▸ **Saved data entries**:

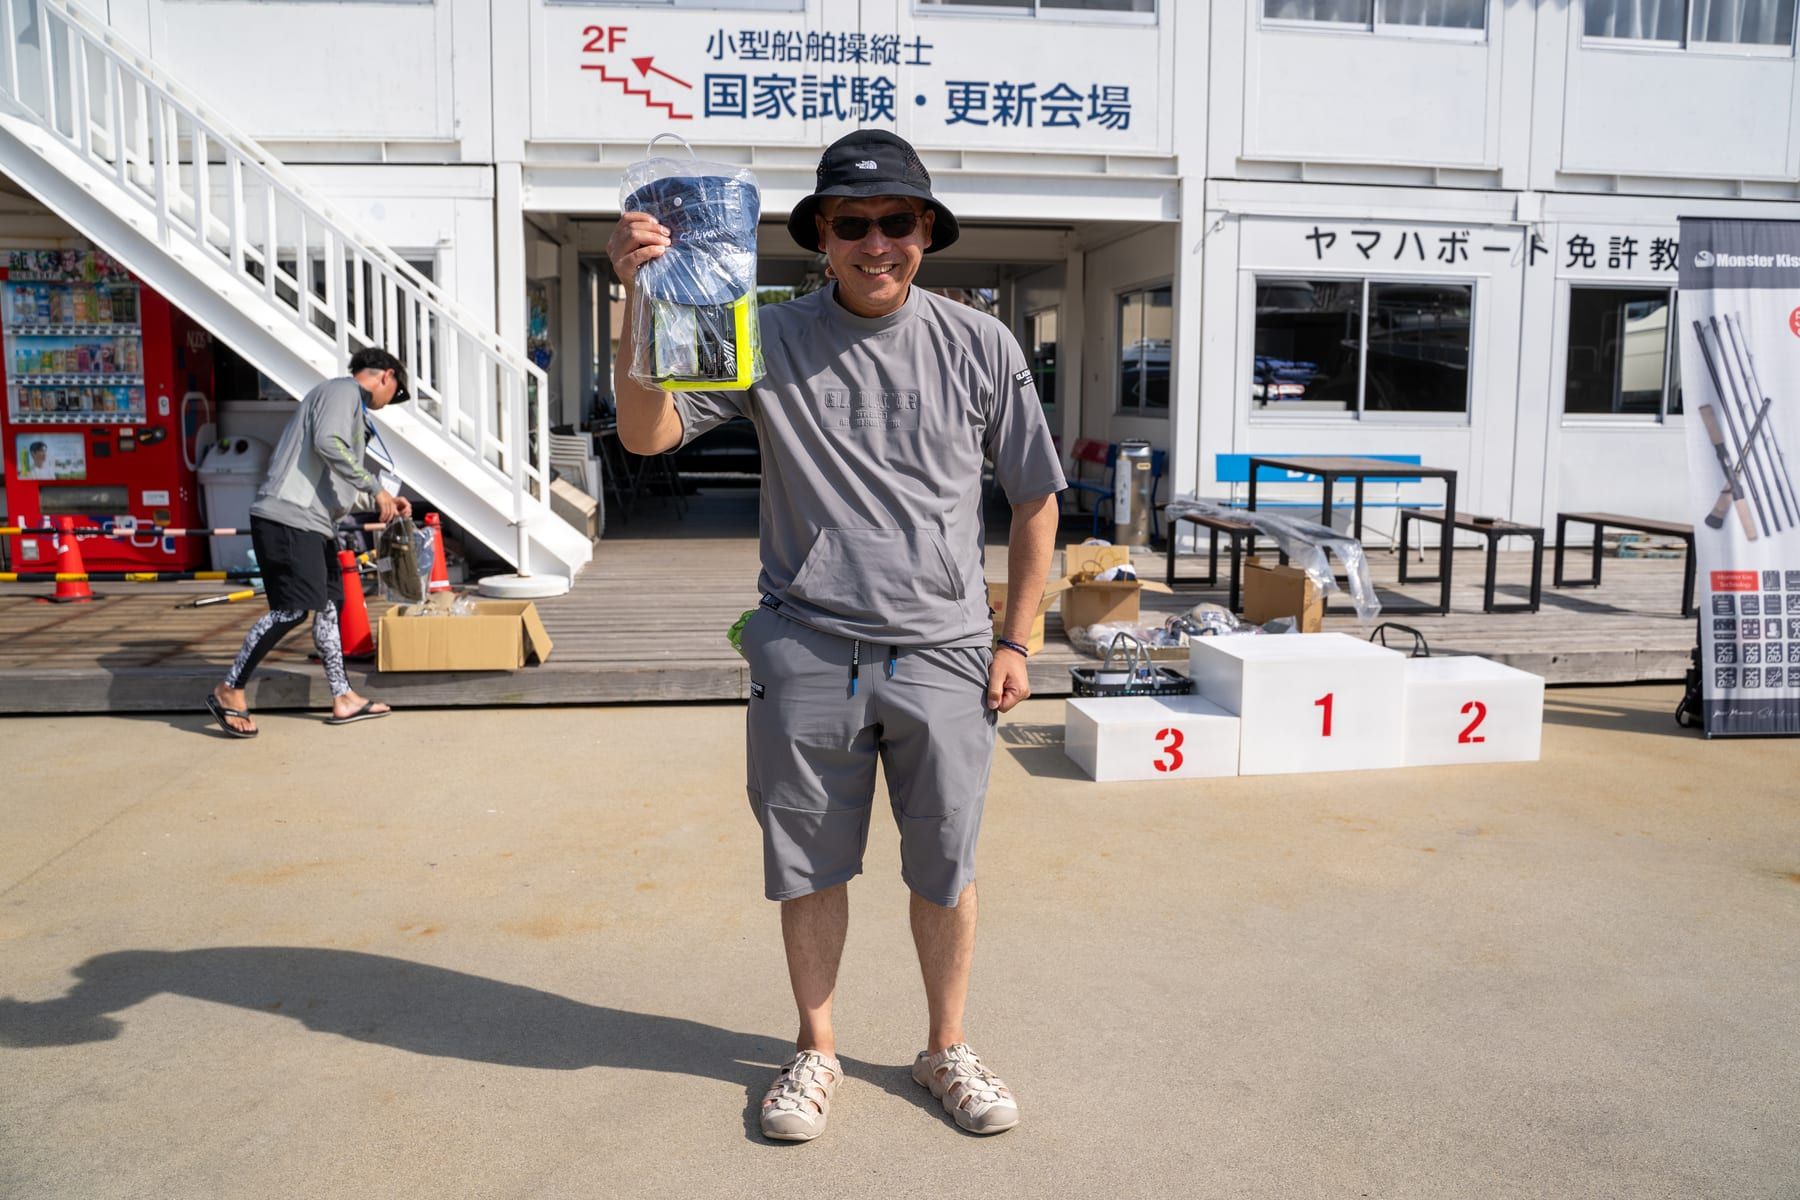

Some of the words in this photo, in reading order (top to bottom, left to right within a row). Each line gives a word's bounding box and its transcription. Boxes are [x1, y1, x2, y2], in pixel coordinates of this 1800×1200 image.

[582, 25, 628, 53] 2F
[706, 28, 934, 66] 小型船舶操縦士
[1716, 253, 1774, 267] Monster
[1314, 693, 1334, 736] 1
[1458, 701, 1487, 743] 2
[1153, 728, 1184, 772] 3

▸ **ASSIGNMENT**: Your reply should consist of the data, transcribed exactly, and should hold no pictures.

▸ **ANSWER TO THE EXERCISE**:
Some of the words in this photo, in reading order (top to bottom, left to right within a row). Each line gives a word's bounding box and its transcription. Boxes are [x1, y1, x2, y2], in pixel coordinates of this 1800×1200 image.

[582, 25, 628, 53] 2F
[706, 28, 934, 66] 小型船舶操縦士
[1716, 253, 1774, 267] Monster
[1314, 693, 1334, 736] 1
[1458, 701, 1487, 743] 2
[1153, 728, 1184, 772] 3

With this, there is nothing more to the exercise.